In a change from past years, the event, organized by the Career Center, only lasted one day. Additionally, the Backstage Pass Program, a chance for first-time fair attendees to arrive at the fair early to see the layout of the event and get tips from some employers, was reinstated.

A student reviews informational brochures provided by visiting companies at the Fall Career Expo. The Expo, held in the Joyce Fieldhouse, allowed students to meet and interact with prospective employers.Michael Yu | The Observer

A student reviews informational brochures provided by visiting companies at the Fall Career Expo. The Expo, held in the Joyce Center Fieldhouse, allowed students to meet and interact with prospective employers.

Preparing for the event is a long process, Career Center director Hilary Flanagan said in an email.

“Basically, as soon as one fair is over, we start planning for the next one,” Flanagan said. “While career fairs are just a small piece of our overall operation, they are extremely time-intensive and visible programs across campus.”

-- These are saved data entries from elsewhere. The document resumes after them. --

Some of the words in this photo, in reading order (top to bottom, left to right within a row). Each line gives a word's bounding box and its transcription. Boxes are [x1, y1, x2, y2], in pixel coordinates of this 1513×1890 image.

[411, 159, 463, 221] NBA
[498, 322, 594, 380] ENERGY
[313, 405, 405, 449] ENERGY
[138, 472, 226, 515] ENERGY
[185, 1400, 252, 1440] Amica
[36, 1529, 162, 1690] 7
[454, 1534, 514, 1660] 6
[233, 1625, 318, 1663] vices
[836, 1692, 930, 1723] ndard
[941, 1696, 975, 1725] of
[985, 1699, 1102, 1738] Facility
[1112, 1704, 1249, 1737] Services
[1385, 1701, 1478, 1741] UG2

Flanagan said the event is important step for students looking to network with companies, as well as to get information about them.

“We … hope students will take the opportunity to learn more about the industries and organizations that interest them,” she said.

The Career Center offered several tools for students to prepare before the event, such as listing the companies attending on Go Irish and offering resume reviews. During the event, recruiters who are Notre Dame alumni were given a ribbon to wear, allowing students to recognize recruiters who were also graduates.

Freshman Charlie Maxwell said he thought chances were slim he would gain an internship from the career fair because he had just started his Notre Dame career, but he still saw a benefit in attending.

“It’s still good to shake some hands and just get your name out there so people know who you are and that you’re coming up,” he said. “It’s a good networking opportunity, and a lot of big names are there.”

Jaihee Choi, a sophomore double-majoring in economics and applied and computational mathematics and statistics (ACMS), enjoyed meeting the large number of Notre Dame alumni at the career fair.

“It was really relatable,” she said. “It was really comfortable, so it made me proud to be at this school, to have so many options for alumni.”

The Career Center hosted several other events this week before the Fall Career Expo, such as the Student Organization Reverse Fair, panels with companies and networking events.

Flanagan said students who missed the career fair still have plenty of resources.

“Students should keep in mind that the Fall Career Expo is just one of the many resources for students to use in their career development,” she said. “The Career Center has countless other resources and programs available throughout the year with some of these same and other industries and organizations represented.”